Now as a young Cardiologist, with a mortgage and three young girls, these are nervous times. Cardiology has been hit specifically hard by Medicare in 2010. As a way to try and save money, Medicare has changed its fee scheduled which has resulted in an overall payment cut of 11% for cardiology. Echo Payments Cut by 42%, Caths by 24%, and ECGs by 21%. Stress testing has taken a big hit too.
 
This will be in addition to the proposed possible 21% cut in medicare re-imbursements across the board - unless Congress permantly votes to change the dependance of the Medicare fee schedule on the flawed Sustained Growth Rate (SGR).
 
Now, I'm all in favor of trying to cut costs.
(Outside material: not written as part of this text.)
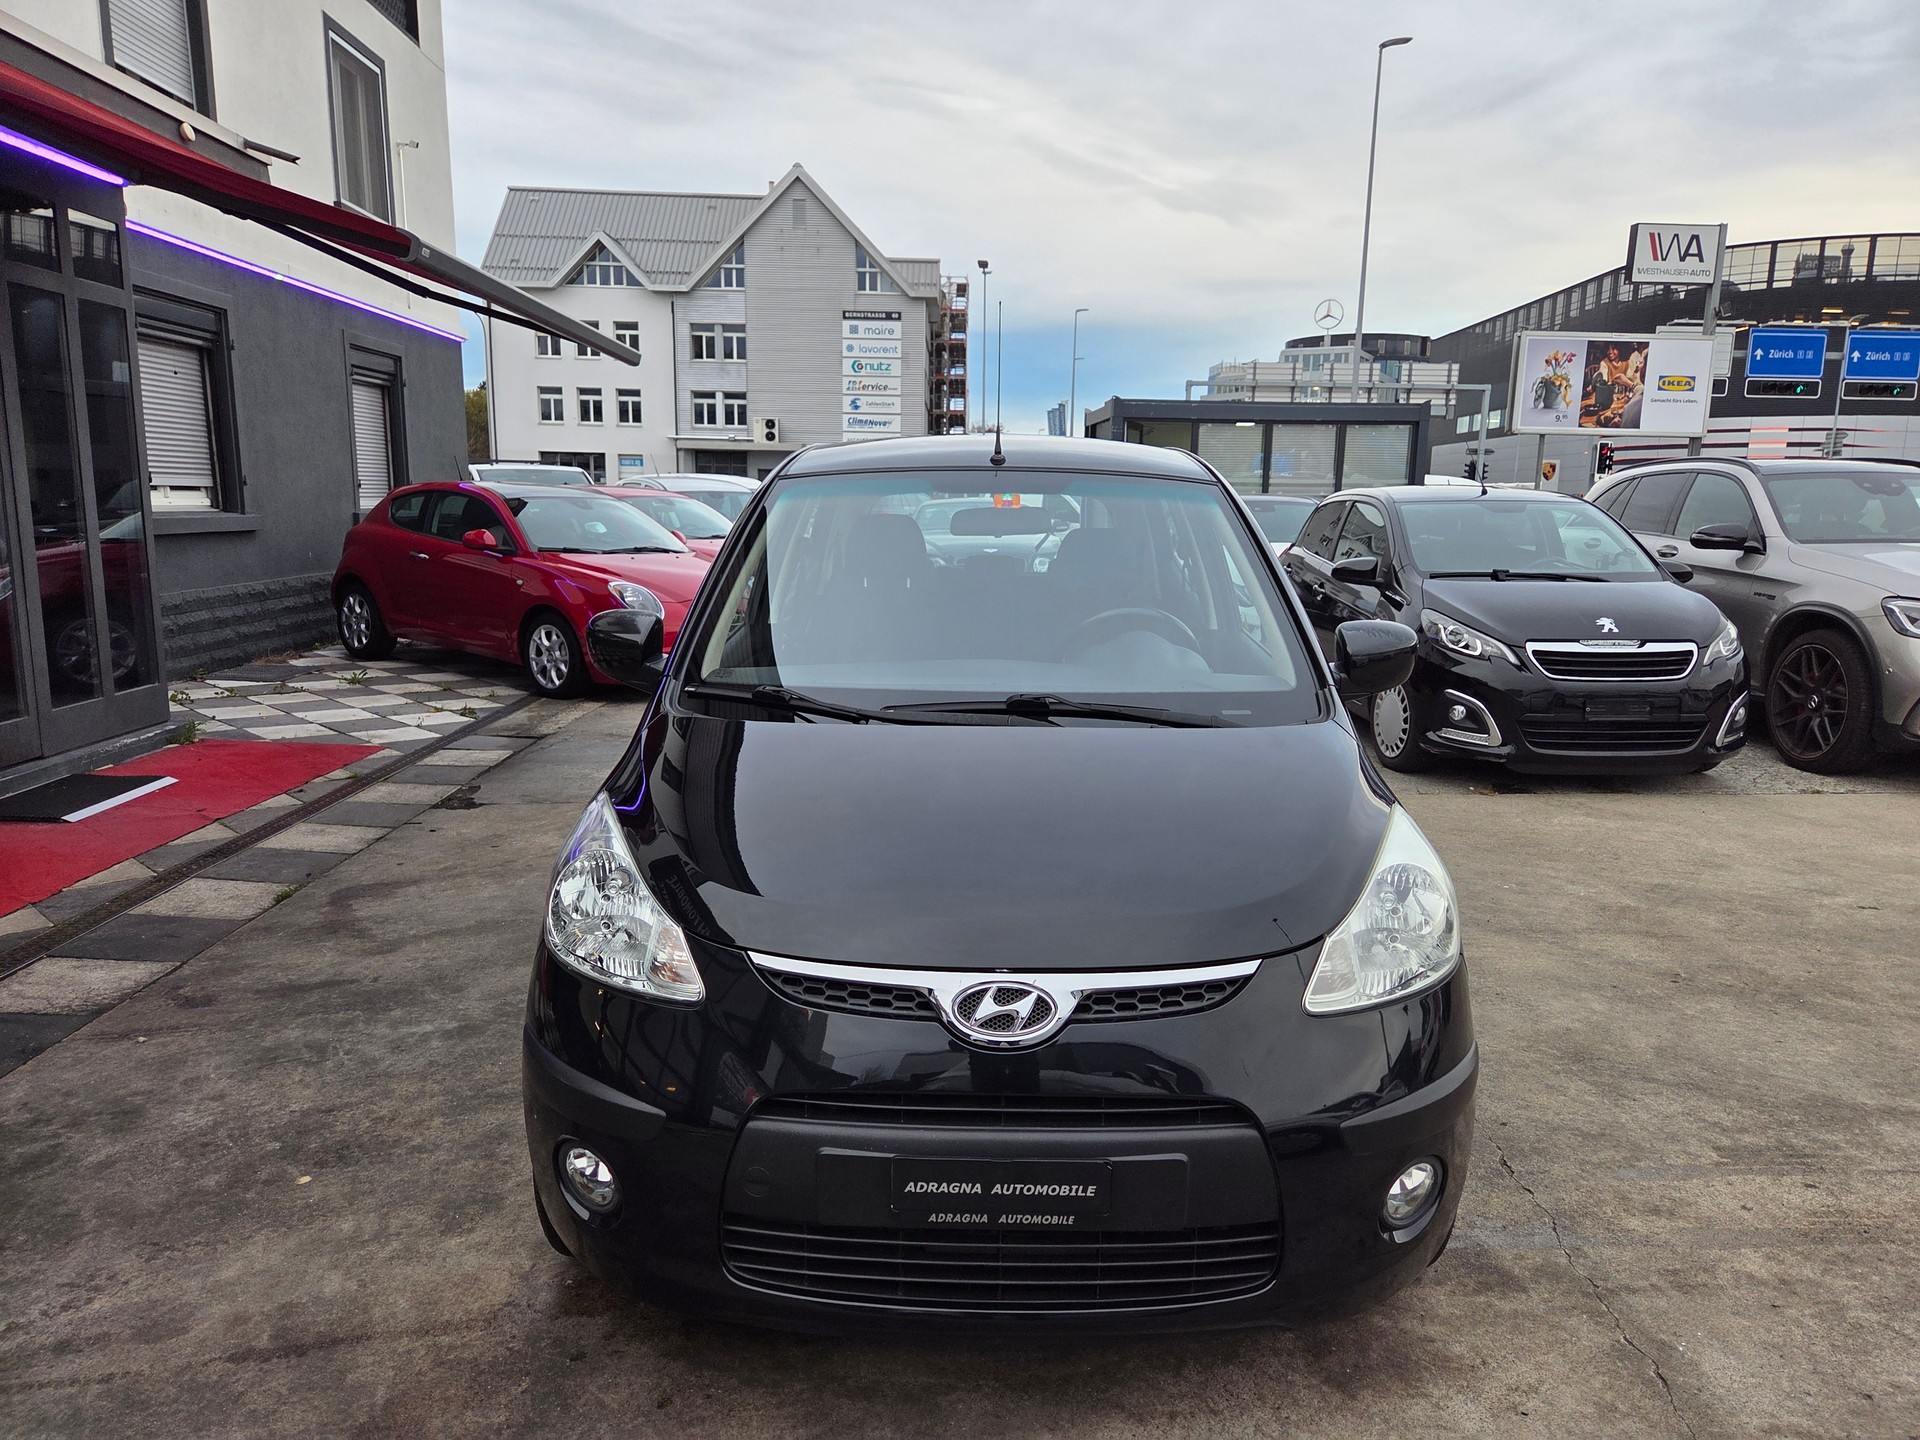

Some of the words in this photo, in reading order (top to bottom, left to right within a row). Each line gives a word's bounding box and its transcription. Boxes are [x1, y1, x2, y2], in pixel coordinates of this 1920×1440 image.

But Cardiology is one of the only areas in modern medicine where medical breakthroughs (risk assessment, medications, testing and procedures) have dramatically reduced mortality and morbidity.
 
I'm also worried that the new reforms will not change the biggest issues that drive up the costs of modern medicine - fear of medical malpractice and very poor preventitive care (a real lack of focus on healthy living). If we could just prevent disease in the first place (healthy eating, frequent exercise, significant societal weight loss and frequent primary preventitive care) and keep doctors from ordering unnecessary tests out of fear of lawsuits -- we could save the entire medical community a real significant amount of $$$$$$.